Exercise — All entries below must be given again exactly as they stand.

┌──

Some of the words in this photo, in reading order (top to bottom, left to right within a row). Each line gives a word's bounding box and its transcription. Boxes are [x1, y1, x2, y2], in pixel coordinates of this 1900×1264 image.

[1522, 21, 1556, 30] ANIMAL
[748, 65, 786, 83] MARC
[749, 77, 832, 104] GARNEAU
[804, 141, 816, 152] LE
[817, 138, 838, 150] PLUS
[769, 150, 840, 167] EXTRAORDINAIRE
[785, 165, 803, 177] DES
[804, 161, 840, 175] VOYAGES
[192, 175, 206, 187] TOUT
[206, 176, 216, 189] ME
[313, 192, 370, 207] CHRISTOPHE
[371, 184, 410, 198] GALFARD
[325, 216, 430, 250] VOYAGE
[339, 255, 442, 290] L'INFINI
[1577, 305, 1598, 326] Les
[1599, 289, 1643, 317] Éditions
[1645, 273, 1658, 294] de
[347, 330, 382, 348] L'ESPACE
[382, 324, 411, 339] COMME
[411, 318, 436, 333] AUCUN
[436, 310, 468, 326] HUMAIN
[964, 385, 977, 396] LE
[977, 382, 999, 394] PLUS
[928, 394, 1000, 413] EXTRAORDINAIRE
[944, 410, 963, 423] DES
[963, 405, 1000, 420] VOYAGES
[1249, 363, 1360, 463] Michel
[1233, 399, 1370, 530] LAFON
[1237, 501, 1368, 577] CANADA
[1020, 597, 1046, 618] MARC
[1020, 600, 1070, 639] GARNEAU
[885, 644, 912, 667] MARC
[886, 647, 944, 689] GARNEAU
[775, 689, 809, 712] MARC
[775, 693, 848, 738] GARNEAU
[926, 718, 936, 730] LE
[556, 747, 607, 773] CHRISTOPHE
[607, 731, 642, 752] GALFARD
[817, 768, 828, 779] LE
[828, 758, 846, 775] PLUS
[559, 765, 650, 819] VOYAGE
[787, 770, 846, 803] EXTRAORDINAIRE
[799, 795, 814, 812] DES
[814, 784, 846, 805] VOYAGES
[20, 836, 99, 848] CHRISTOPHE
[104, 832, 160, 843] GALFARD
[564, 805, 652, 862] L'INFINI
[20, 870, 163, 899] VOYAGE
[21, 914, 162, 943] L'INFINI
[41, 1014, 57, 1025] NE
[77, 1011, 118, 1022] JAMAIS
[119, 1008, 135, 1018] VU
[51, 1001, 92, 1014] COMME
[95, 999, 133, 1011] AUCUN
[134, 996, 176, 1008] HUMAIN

└──

Final answer —
Some of the words in this photo, in reading order (top to bottom, left to right within a row). Each line gives a word's bounding box and its transcription. Boxes are [x1, y1, x2, y2], in pixel coordinates of this 1900×1264 image.

[1522, 21, 1556, 30] ANIMAL
[748, 65, 786, 83] MARC
[749, 77, 832, 104] GARNEAU
[804, 141, 816, 152] LE
[817, 138, 838, 150] PLUS
[769, 150, 840, 167] EXTRAORDINAIRE
[785, 165, 803, 177] DES
[804, 161, 840, 175] VOYAGES
[192, 175, 206, 187] TOUT
[206, 176, 216, 189] ME
[313, 192, 370, 207] CHRISTOPHE
[371, 184, 410, 198] GALFARD
[325, 216, 430, 250] VOYAGE
[339, 255, 442, 290] L'INFINI
[1577, 305, 1598, 326] Les
[1599, 289, 1643, 317] Éditions
[1645, 273, 1658, 294] de
[347, 330, 382, 348] L'ESPACE
[382, 324, 411, 339] COMME
[411, 318, 436, 333] AUCUN
[436, 310, 468, 326] HUMAIN
[964, 385, 977, 396] LE
[977, 382, 999, 394] PLUS
[928, 394, 1000, 413] EXTRAORDINAIRE
[944, 410, 963, 423] DES
[963, 405, 1000, 420] VOYAGES
[1249, 363, 1360, 463] Michel
[1233, 399, 1370, 530] LAFON
[1237, 501, 1368, 577] CANADA
[1020, 597, 1046, 618] MARC
[1020, 600, 1070, 639] GARNEAU
[885, 644, 912, 667] MARC
[886, 647, 944, 689] GARNEAU
[775, 689, 809, 712] MARC
[775, 693, 848, 738] GARNEAU
[926, 718, 936, 730] LE
[556, 747, 607, 773] CHRISTOPHE
[607, 731, 642, 752] GALFARD
[817, 768, 828, 779] LE
[828, 758, 846, 775] PLUS
[559, 765, 650, 819] VOYAGE
[787, 770, 846, 803] EXTRAORDINAIRE
[799, 795, 814, 812] DES
[814, 784, 846, 805] VOYAGES
[20, 836, 99, 848] CHRISTOPHE
[104, 832, 160, 843] GALFARD
[564, 805, 652, 862] L'INFINI
[20, 870, 163, 899] VOYAGE
[21, 914, 162, 943] L'INFINI
[41, 1014, 57, 1025] NE
[77, 1011, 118, 1022] JAMAIS
[119, 1008, 135, 1018] VU
[51, 1001, 92, 1014] COMME
[95, 999, 133, 1011] AUCUN
[134, 996, 176, 1008] HUMAIN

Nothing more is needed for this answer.